Sofía Malmierca vivía en Monachil, un pequeño y tranquilo pueblo del extrarradio. Tras dejar atrás la siempre espectacular y monumental Granada, subimos por las sinuosas callejuelas de la localidad hasta llegar a una calle residencial empedrada de coquetas casitas adosadas a cada lado. Desde ese lugar, a una altura considerable, podíamos ver al oeste la bella ciudad nazarí, con la Alhambra y sus espectaculares jardines del Generalife esparcidos en la loma que se situaba en su costado izquierdo. Morrison había conducido en silencio todo el trayecto, algo bastante inusual en él, por lo que intuí que sin duda seguía molesto por mi comportamiento de la noche anterior.

Parecía que de las calles de Monachil, a diferencia de la siempre bulliciosa Granada, emanaba una profunda tristeza. Tal vez fuese porque apenas nos cruzamos con viandantes, o quizá por las pronunciadas cuestas; incluso puede que fuese por el propio estado anímico que desprendía mi compañero, pero no pude evitar que una ligera sensación de melancolía me invadiese mientras aparcamos nuestro vehículo frente al domicilio de Sofía Malmierca.

No nos hizo falta llamar a la puerta, ya que el ruido del motor en la tranquila calle alertó a la madre de Rodrigo Barbosa de nuestra presencia. Pese a que esa misma tarde enterraba a su hijo, ella había sido la primera que había insistido en vernos cuanto antes.

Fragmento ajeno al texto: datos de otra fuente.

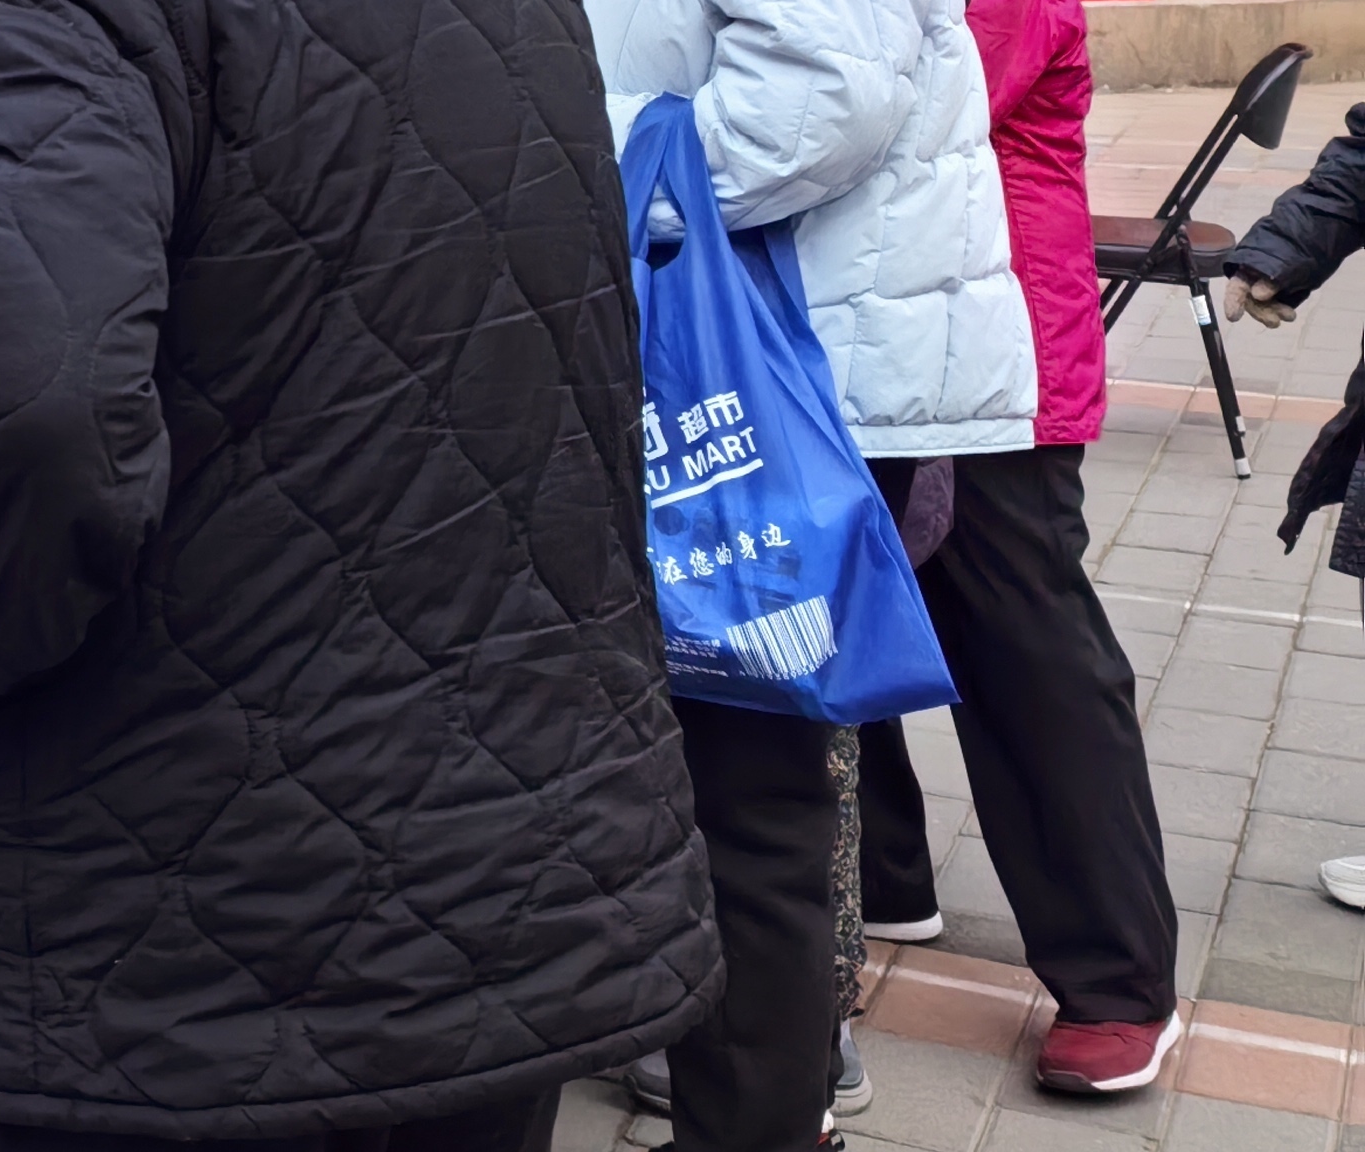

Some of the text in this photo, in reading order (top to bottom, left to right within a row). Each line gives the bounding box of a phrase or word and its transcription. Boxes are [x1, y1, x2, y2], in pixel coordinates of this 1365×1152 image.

[677, 391, 744, 444] 超市
[682, 426, 757, 480] MART
[648, 523, 792, 586] 在您的身边

Apenas un minuto después de los saludos y presentaciones oportunos, nos vimos en el interior de un abarrotado salón estilo rococó, con Sofía Malmierca frente a nosotros, mirándonos alternativamente a uno y otro con la misma cara de pena que lucía en nuestro primer encuentro.

―¿Y bien? ―nos preguntó, expectante.

No sabía cómo decirle que la principal y prácticamente única hipótesis sobre la muerte de su hijo era la del suicido. Por tanto, con el mayor aplomo que pude reunir, se lo trasladé tal cual, sin tapujos:

―Señora Malmierca, según el informe forense y las pruebas de las que disponemos, todo parece indicar que su hijo se lanzó por ese barranco de forma voluntaria.

―Noooooooooooooooo ―gritó de pronto, mientras daba un brinco sorprendentemente ágil desde su asiento y ponía los ojos como platos―. ¡Eso es imposible! ¡Lo han matado! ―voceó acalorada, como si le hubieran dado una puñalada en el corazón.

―Cálmese, señora Malmierca, precisamente por eso estamos aquí, para valorar otras posibles hipótesis antes de descartarlas por completo ―contesté suavemente, levantándome también e invitándola con la mano a que se sentara de nuevo.

―Lo han empujado. Alguien lo ha empujado. Él jamás haría algo así ―jadeó atropelladamente.

―Puede ser. Le digo que eso es lo que trataremos de averiguar, pero para que podamos charlar es imprescindible que se calme ―insistí, lo más amablemente que pude.

Me era imposible reconducir la conversación hacia donde quería llevarla, pero tras mis últimas palabras, Sofía Malmierca pareció comprender que con esa actitud no nos estaba ayudando. Morrison contemplaba la escena a mi lado, en silencio, manteniéndose en un discreto segundo plano.

―Hablemos de su hijo ―propuse―. Si le parece, yo le haré una serie de preguntas rápidas a las que usted podrá responder fácilmente, ¿está de acuerdo?